Chromosomal aberrations in human lymphocytes exposed to the anticholinesterase pesticide isofenphos with mechanisms of leukemogenesis

Human lymphocytes were exposed to the leukemogenic pesticide isofenphos (IFP) to investigate its effects on chromosomal DNA and cholinergic homeostasis using cholinesterase activity as a marker. Isolated peripheral lymphocytes were administered concentrations of IFP ranging from 0.1 ng/ml to 10 microg/ml. The absence (Group 1) and presence (Group 2) of DNA repair inhibitors 4 mM hydroxyurea (HU), 40 microM cytosine arabinoside (ARA-C) and an NADPH regenerating system (NRS) (Group 3) were analyzed at 1, 6 and 24 h by single cell gel electrophoresis using the comet assay. Significant damage to DNA directly from IFP at 1 h by remarkably low concentrations was observed in Group 1, escalating in Group 2 with DNA repair inhibition, while Group 3 disruptions were highest due to the presence of the NRS P-450 microsomal fraction conducive to producing reactive IFP-oxon and N-desalkyl metabolites. The extent of DNA aberrations increased further in parallel within the groups at 6 and 24 h. Male and female chemical sensitivities were similar on average (P < 0.01).

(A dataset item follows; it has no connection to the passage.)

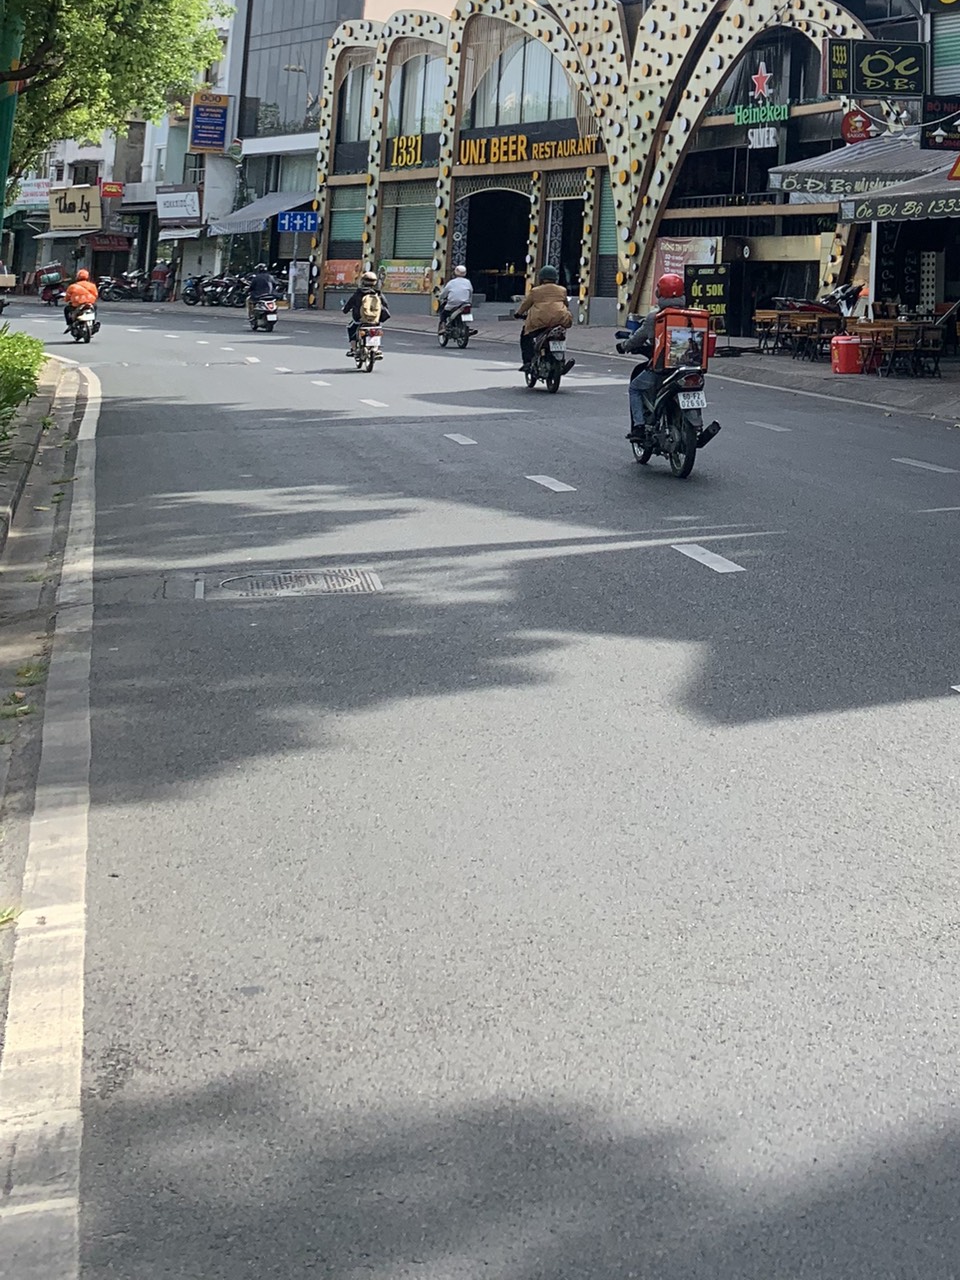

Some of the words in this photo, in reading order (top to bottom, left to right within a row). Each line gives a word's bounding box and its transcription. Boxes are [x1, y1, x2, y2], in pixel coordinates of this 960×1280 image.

Cholinesterase activity measured in a satellite group was inhibited with 0.1 microg/ml IFP by 69, 62, and 48% at 1, 6, and 24 h, respectively, indicating gradual induction of compensatory synthesis. Restoration of cholinergic homeostasis may be exceptionally impaired at higher IFP concentrations from acetyl-CoA depletion [Leuk. Res. 25 (2001) 883]. In summary, these studies reveal that exposure to the organophosphate pesticide isofenphos induces human DNA mutation beyond endogenous repair capacity and disrupts cholinergic nuclear signaling affectively constructing the mutator phenotype of leukemogenesis.